Week 4 Learning Journal

Part One: Educational Goals

After this week’s readings on goal setting, I realize that education isn’t just about passing classes - it’s about creating a clear mission for my learning. Using the guidance from MindTools and LiveCareer, I’m defining my educational goal not just as “finish the degree,” but:

My educational goal is to graduate with a deep, usable understanding of core computer science fundamentals (data structures, algorithms, systems design) and to build the discipline of continuous learning so I can stay relevant beyond the classroom.

This means setting milestones (e.g., mastering algorithms by next semester completing a cloud-certification by end of year) so I can track growth objectively.


Part Two: Career Goals

Using the career goal frameworks from the Salary.com article and the mission-statement ideas from LiveCareer, I can see where I want to be in the next 3–5 years:

My career goal is to move into a senior technical role such as Cloud Architect or Cloud Security Architect, where I influence system design, operational reliability, and security strategy.
This aligns with the “advance at work” principles: seek responsibility, grow skills that matter, and contribute leadership value.

In a mission-style statement:
“I will build expertise in scalable cloud systems and security, make sound technical decisions, and support teams through mentorship and collaboration.”

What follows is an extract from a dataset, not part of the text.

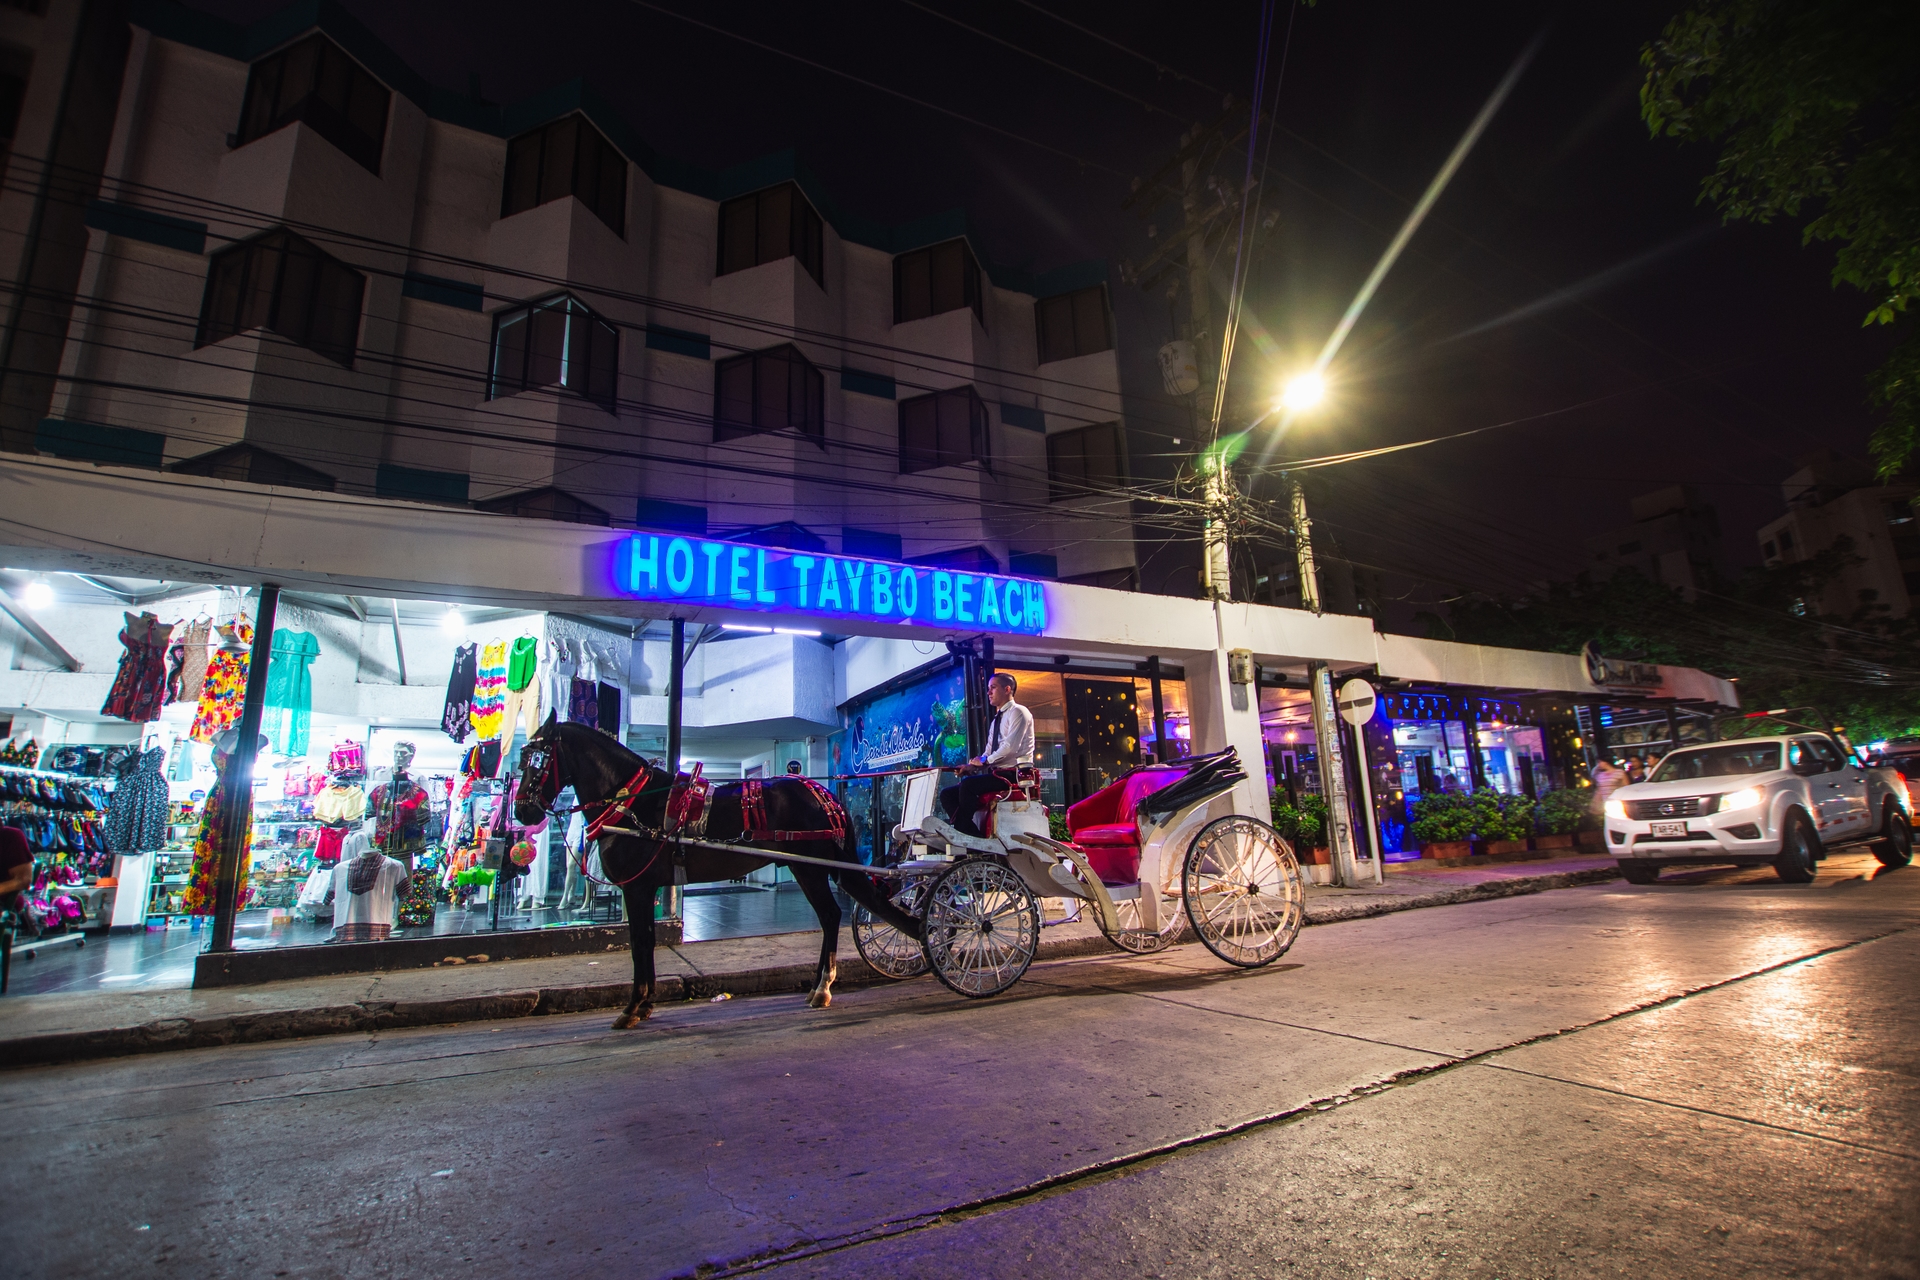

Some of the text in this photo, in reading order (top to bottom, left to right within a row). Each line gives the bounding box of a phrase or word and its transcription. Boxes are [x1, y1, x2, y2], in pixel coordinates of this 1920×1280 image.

Part Three: ETS Computer Science Test Percentile

After reviewing the ETS test description and sample questions:

If I were to take the exam in 18 months, I’d estimate roughly the 60th–70th percentile. The basis for this estimate comes from comparing my current experience with industry practice (strong in applied systems/cloud) versus academic CS theory. With targeted study and practice, I expect to close that gap.

This honest estimate reflects the mindset from MindTools: set realistic benchmarks and revisit them as you improve.


Part Four: Weekly Learning Reflection

The readings taught me that goal setting is both an art and a discipline. The MindTools article emphasized defining SMART goals — specific, measurable, actionable — which helped me shape tangible milestones for both my education and career. The Salary.com article reminded me that goals drive motivation and clarify progress steps, not just wishful thinking. The LiveCareer article pushed me to think beyond tasks and toward a personal mission that unifies my goals.

By combining these views, I now see my educational and career goals not as abstract wishes, but as structured plans with direction, purpose, and measurable checkpoints

Comments

  1. Your goals are well stated and supported with the steps you would plan to take. Because you are already in your career, your career goals are specific.